Topik tentang kesehatan mental sekarang menjadi topik yang banyak dibicarakan di media sosial salah satunya adalah topik tentang depresi. Banyak orang mengira bahwa orang yang mengalami depresi adalah orang yang lemah, kurang iman, kurang ibadah, atau kurang dekat dengan Tuhan. Tapi benarkah seperti itu? Benarkah ibadah saja bisa menyelesaikan depresi? Apa itu sebenarnya depresi? Apakah depresi hanya perasaan tak nyaman yang tak kunjung hilang? Faktanya depresi tak mengenal agama atau latar belakang seseorang. Depresi juga bukan hanya sekedar kesedihan atau stress keseharian saja namun depresi merupakan suatu gangguan mental yang serius dan tidak bisa dianggap remeh. Depresi sangat berkaitan dengan kondisi otak seseorang, depresi dalam penelitiannya sering dikaitkan dengan masalah neurotransmitter atau zat kimia dalam otak yang berperan dalam regulasi mood atau suasana hati salah satunya adalah zat neurotransmitter yang bernama serotonin dan norepinephrine. Tak heran depresi masuk dalam kategori gangguan suasana hati atau mood. Depresi juga merupakan gangguan mental dengan prevalensi tertinggi setelah gangguan kecemasan oleh karenanya depresi juga sering dianggap sebagai pilek dalam dunia psikologi klinis dan psikiatri.

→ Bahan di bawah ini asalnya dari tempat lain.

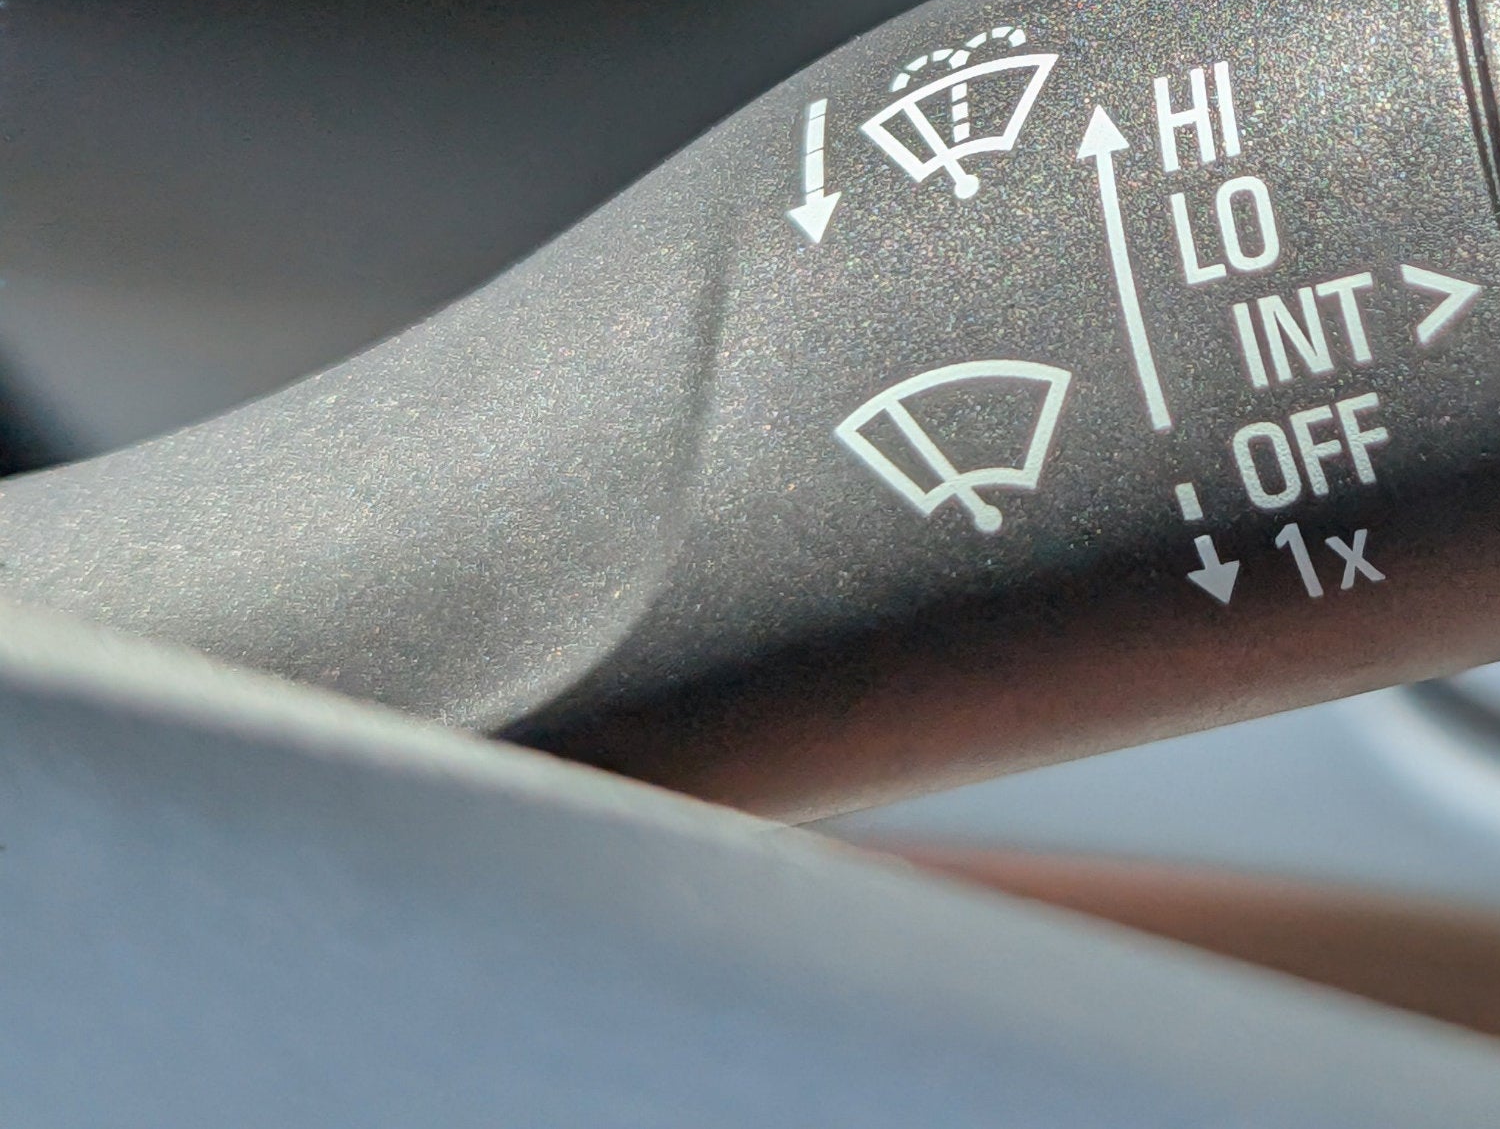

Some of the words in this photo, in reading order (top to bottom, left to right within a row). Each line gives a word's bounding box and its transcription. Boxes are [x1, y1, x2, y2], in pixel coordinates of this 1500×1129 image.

Jauh sebelum berkembangnya teknologi pencitraan otak yang digunakan pada penelitian dalam ilmu neurosains atau ilmu saraf, gangguan mental memang sering dikaitkan dengan kepercayaan agama dan hal hal yang bersifat mistis. Namun seiring dengan berkembangnya ilmu neurosains kita tahu bahwa hal tersebut tidaklah benar. Stigma bahwa gangguan mental merupakan karma buruk atau terkait dengan hal mistis tidaklah benar. Sejatinya pandangan tentang depresi sudah ada sejak zaman dahulu kala. Depresi sendiri sejatinya sudah ada sejak zaman dulu dan bahkan catatan tentang depresi sudah ditemukan pada tulisan Hipocrates pada abad kelima sebelum masehi. Bahkan ilmuwan muslim terkenal Ibnu Sina atau lebih dikenal dengan Avicenna sudah membahas tentang depresi pada karyanya The Canon of Medicine (Bahasa Arab, al-Qnn f al-ibb) di tahun 1025. Jadi yang mitos sering beredar bahwa depresi hanya penyakit gen z tentulah tidak benar.

Mekanisme epigenetik (interaksi gen dan lingkungan) pada gangguan depresi

Namun, Sejatinya depresi juga tak melulu masalah biologis, kita manusia adalah makhluk hasil interaksi antara nature and nurture, diri kita merupakan hasil interaksi kompleks antara gen warisan dari orang tua kita dengan lingkungan kita. Walaupun gen depresi menyumbang hampir 40% resiko mengalami depresi, lingkungan tetap akan memiliki peran kunci dalam mempengaruhi apakah muncul atau tidaknya ekspresi gen depresi itu sendiri. Banyak penelitian menunjukkan bahwa memiliki gen depresi saja tidak cukup untuk membuat seseorang mengalami depresi, namun gen hanya memberikan kerentanan terhadap kondisi seseorang. Namun kombinasi antara gen dan adverse life experiences misalnya ketika seseorang mengalami pengalaman hidup berat seperti pelecehan, kekerasan, perceraian, perundungan, diskriminasi dan pengalaman traumatis lainnya. Pengalaman traumatis sejatinya memberikan luka yang tak kasat mata pada seseorang. Seringkali orang mengira bahwa luka hanya yang bersifat tampak saja, namun sejatinya luka yang tak tampak ini juga tersimpan dalam diri kita.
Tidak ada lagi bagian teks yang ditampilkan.